- [Exercise directions]
Give all the lines below again, exactly, with no pictures.

- [Exercise input]
# # # # # # #

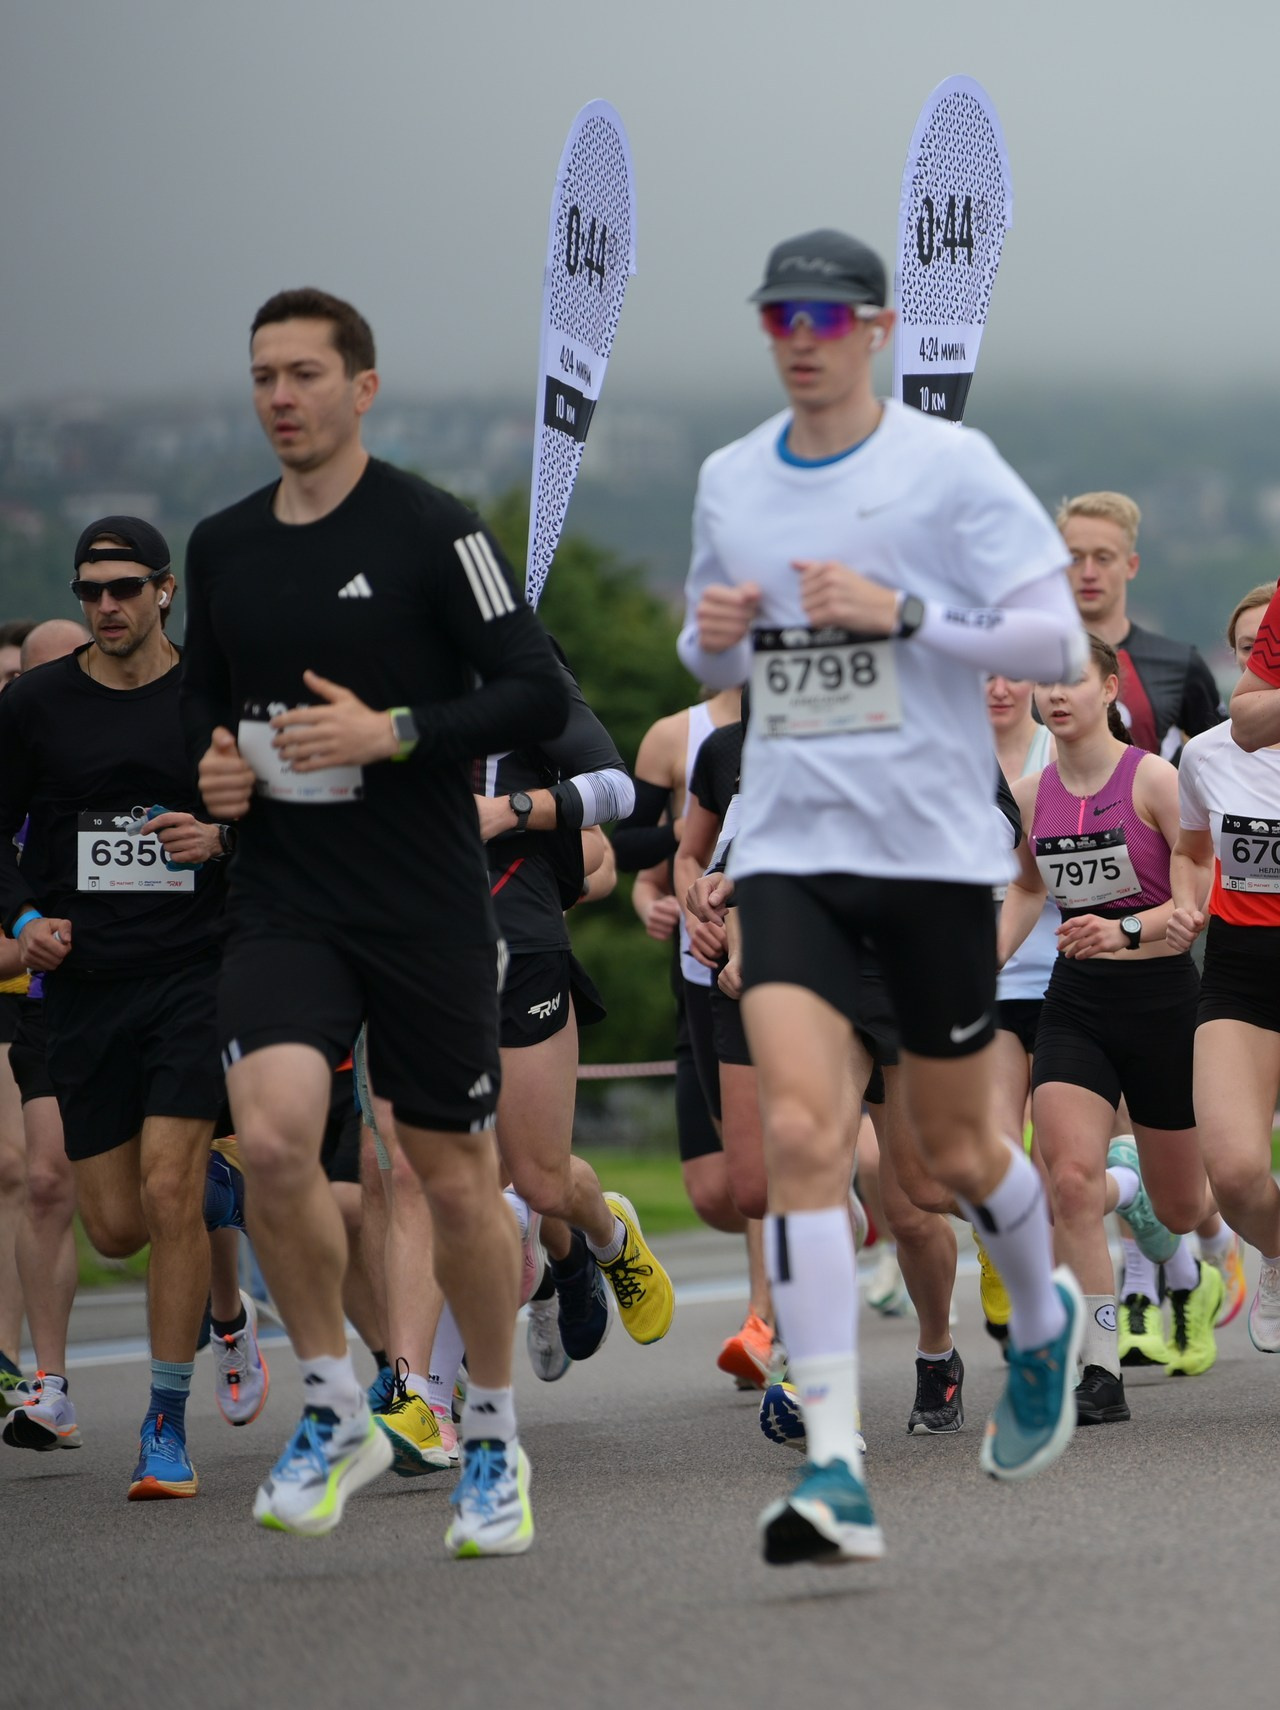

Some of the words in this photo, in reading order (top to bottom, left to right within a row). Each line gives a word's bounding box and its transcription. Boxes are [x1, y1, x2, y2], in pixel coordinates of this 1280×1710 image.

[916, 194, 974, 266] 0:44
[565, 204, 607, 294] 0:44
[919, 336, 939, 362] 4:24
[556, 393, 565, 419] 10
[919, 386, 930, 411] 10
[766, 647, 879, 695] 6798
[1049, 856, 1121, 888] 7975
[1231, 881, 1237, 889] B
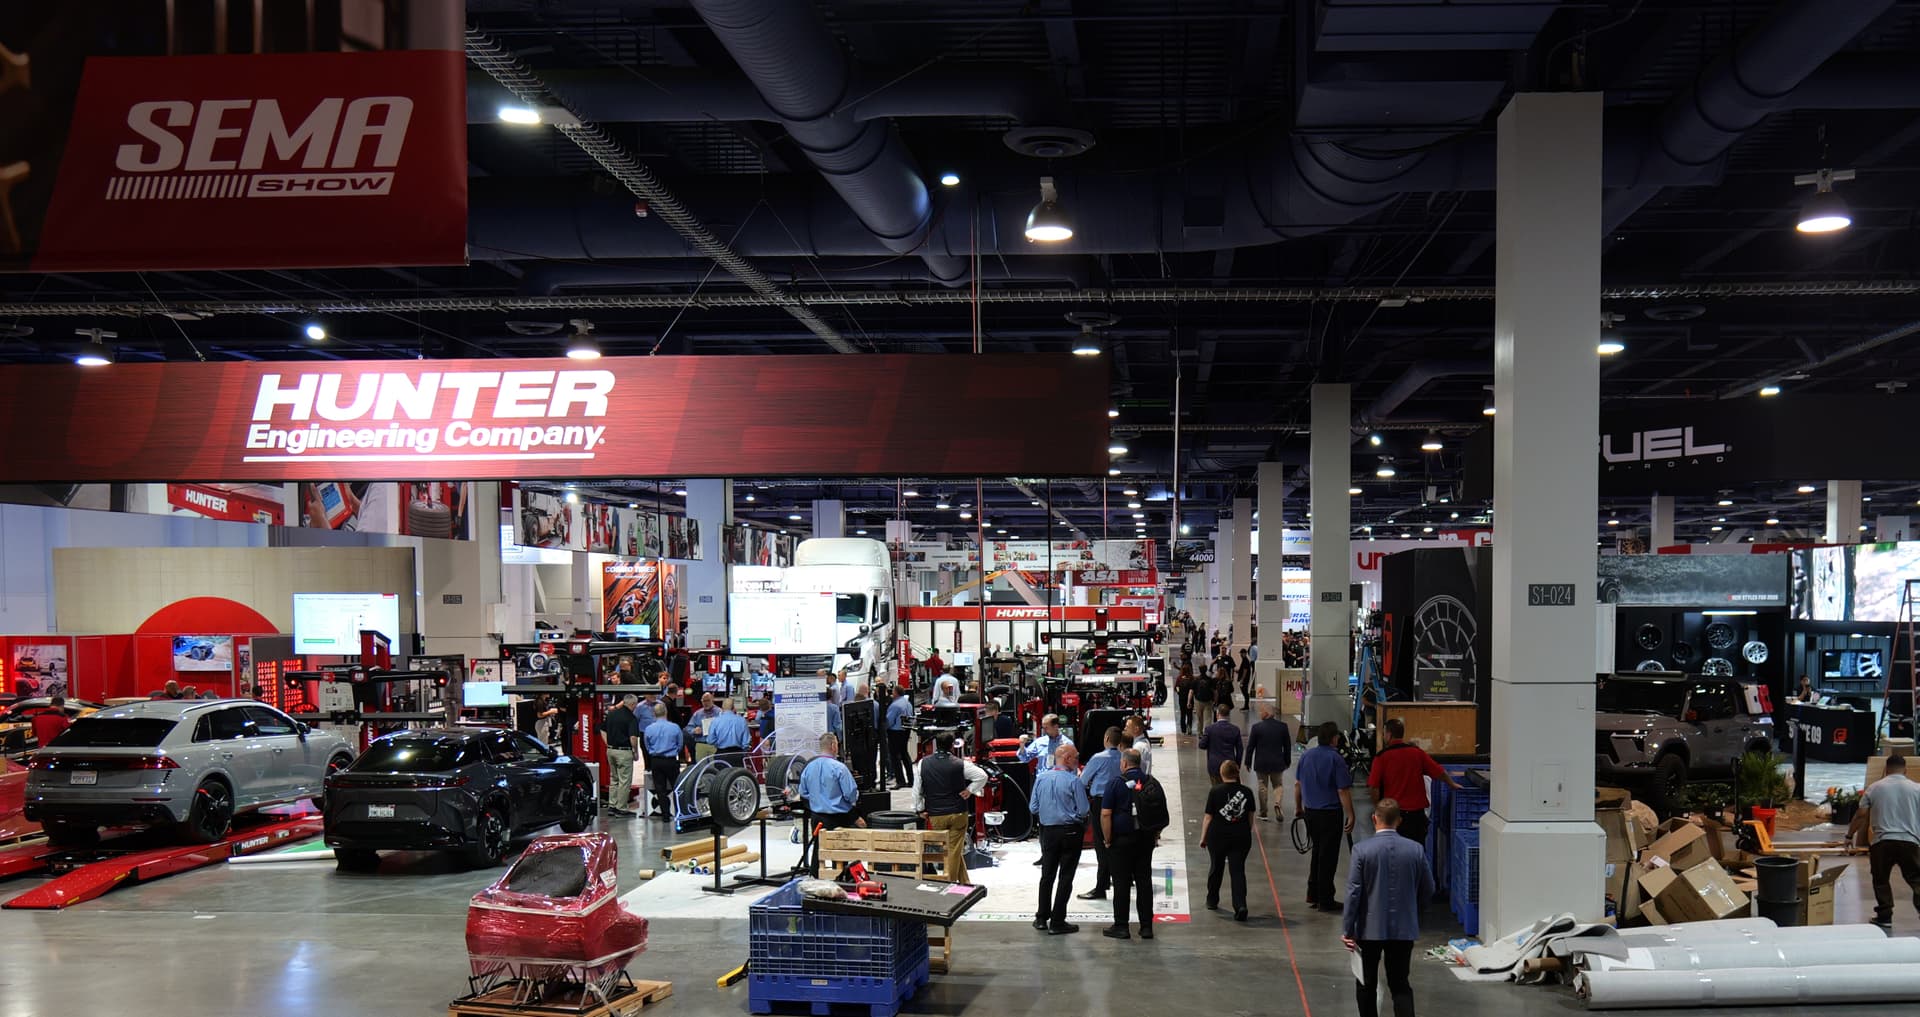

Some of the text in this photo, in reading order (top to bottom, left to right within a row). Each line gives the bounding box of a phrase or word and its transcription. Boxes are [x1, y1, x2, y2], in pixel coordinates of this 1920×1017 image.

[115, 96, 414, 172] SEMA
[256, 177, 387, 193] SHOW
[252, 369, 616, 421] HUNTER
[246, 422, 440, 454] Engineering
[185, 488, 228, 513] HUNTER
[1189, 553, 1214, 562] 44000
[1531, 587, 1573, 604] S1-024
[996, 608, 1050, 617] HUNTER
[242, 836, 269, 849] HUNTER

# # # # # # #

- [Answer to the exercise]
Some of the words in this photo, in reading order (top to bottom, left to right within a row). Each line gives a word's bounding box and its transcription. Boxes are [x1, y1, x2, y2], in pixel coordinates of this 1280×1710 image.

[916, 194, 974, 266] 0:44
[565, 204, 607, 294] 0:44
[919, 336, 939, 362] 4:24
[556, 393, 565, 419] 10
[919, 386, 930, 411] 10
[766, 647, 879, 695] 6798
[1049, 856, 1121, 888] 7975
[1231, 881, 1237, 889] B

Some of the text in this photo, in reading order (top to bottom, left to right within a row). Each line gives the bounding box of a phrase or word and its transcription. Boxes are [x1, y1, x2, y2], in pixel coordinates of this 1920×1017 image.

[115, 96, 414, 172] SEMA
[256, 177, 387, 193] SHOW
[252, 369, 616, 421] HUNTER
[246, 422, 440, 454] Engineering
[185, 488, 228, 513] HUNTER
[1189, 553, 1214, 562] 44000
[1531, 587, 1573, 604] S1-024
[996, 608, 1050, 617] HUNTER
[242, 836, 269, 849] HUNTER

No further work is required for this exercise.